Produce an exact transcription of the data, with the images left out.

Records from a collection:
★ ★ ★

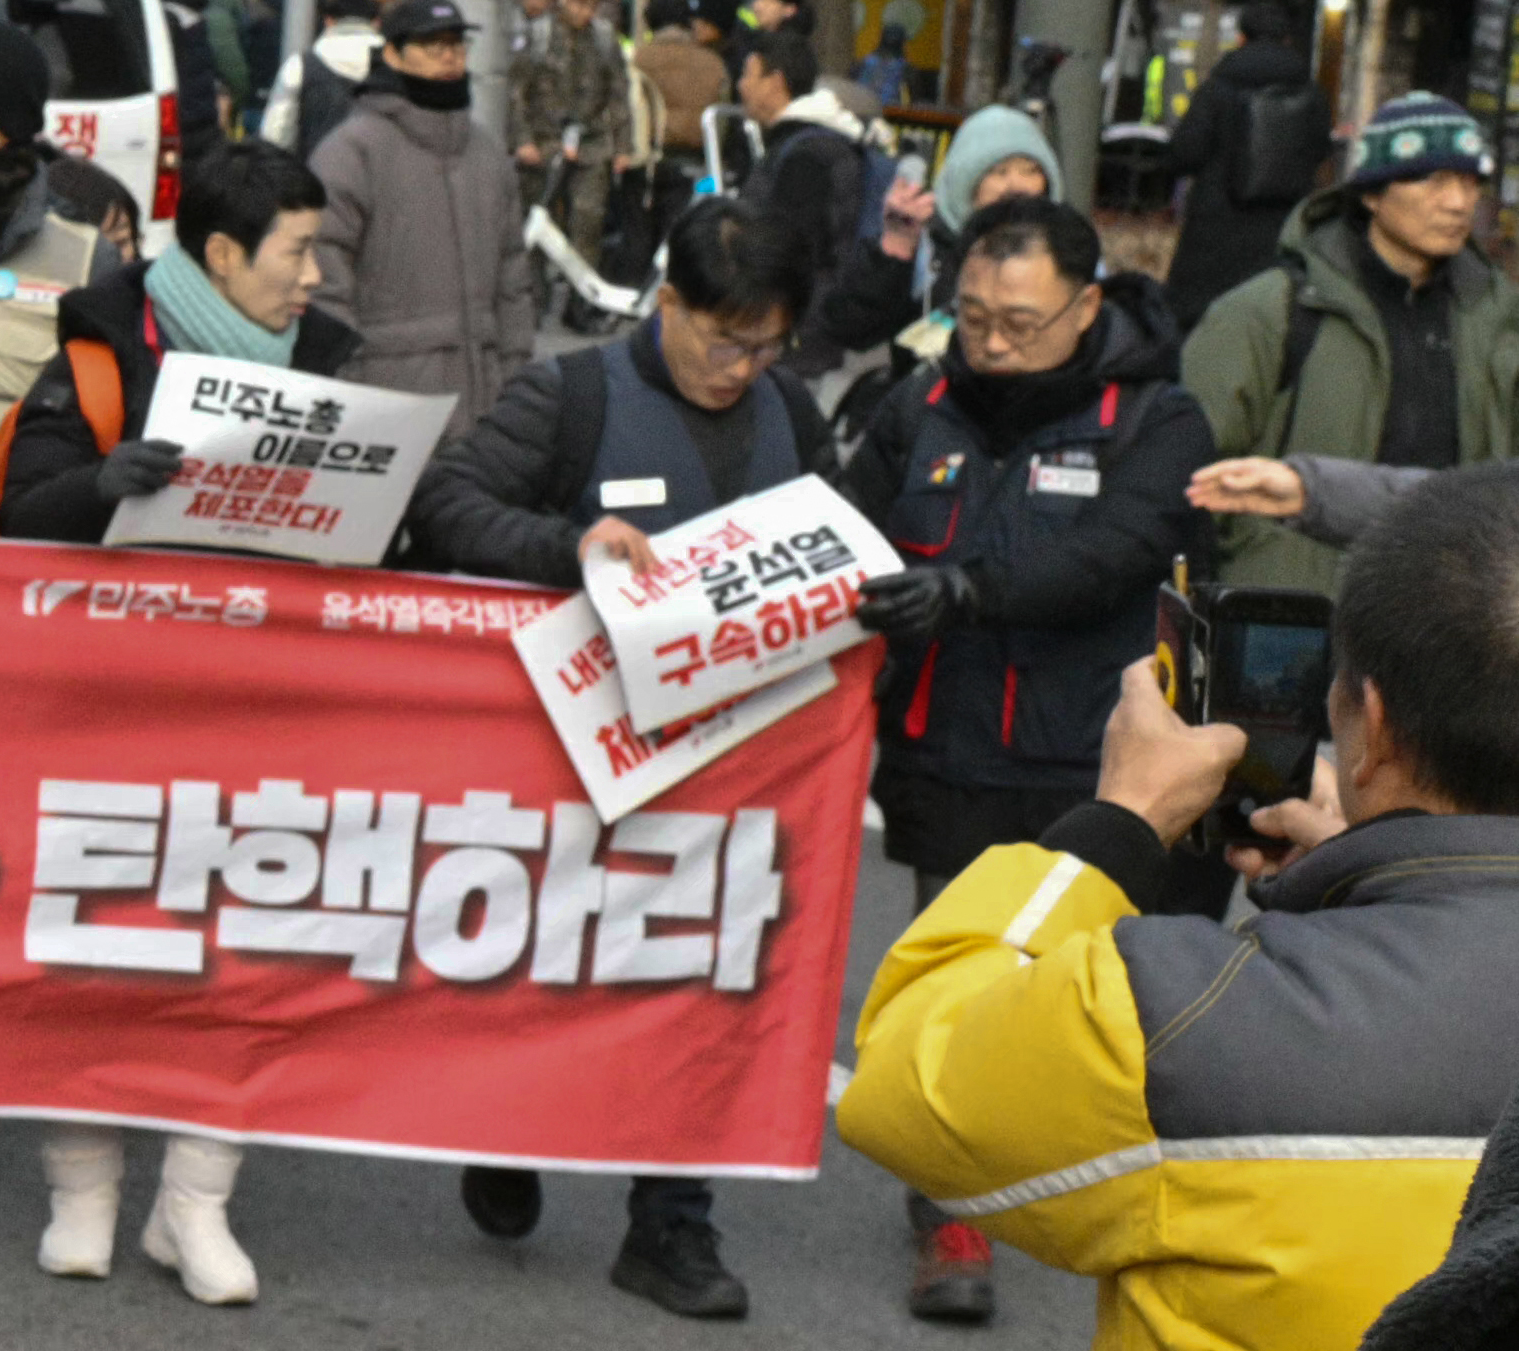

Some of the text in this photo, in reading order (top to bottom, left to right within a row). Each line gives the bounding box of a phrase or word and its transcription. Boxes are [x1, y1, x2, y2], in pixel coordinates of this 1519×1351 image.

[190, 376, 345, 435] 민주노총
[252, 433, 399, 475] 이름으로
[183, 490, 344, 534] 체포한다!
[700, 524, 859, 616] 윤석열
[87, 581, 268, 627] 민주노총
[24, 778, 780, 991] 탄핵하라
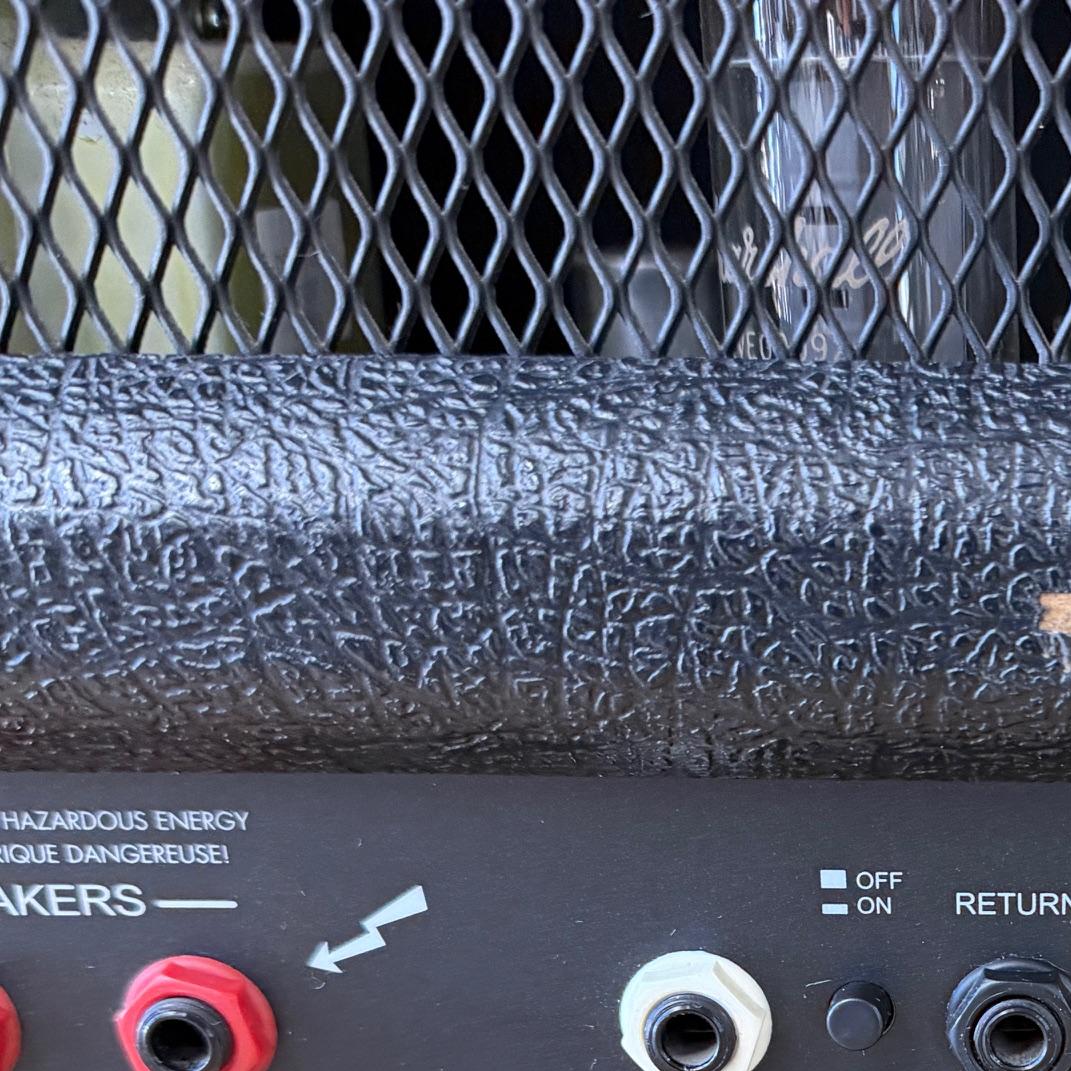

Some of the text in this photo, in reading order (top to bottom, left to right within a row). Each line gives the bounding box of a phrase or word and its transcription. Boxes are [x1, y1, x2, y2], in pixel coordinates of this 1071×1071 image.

★ ★ ★

PROBLEM SOLUTION
Some of the text in this photo, in reading order (top to bottom, left to right within a row). Each line gives the bounding box of a phrase or word and its transcription. Boxes are [x1, y1, x2, y2], in pixel coordinates of this 1519×1351 image.

[190, 376, 345, 435] 민주노총
[252, 433, 399, 475] 이름으로
[183, 490, 344, 534] 체포한다!
[700, 524, 859, 616] 윤석열
[87, 581, 268, 627] 민주노총
[24, 778, 780, 991] 탄핵하라

Some of the text in this photo, in reading order (top to bottom, left to right within a row). Each line gives the bounding box of a phrase or word and its transcription. Boxes are [x1, y1, x2, y2], in pixel coordinates of this 1071×1071 image.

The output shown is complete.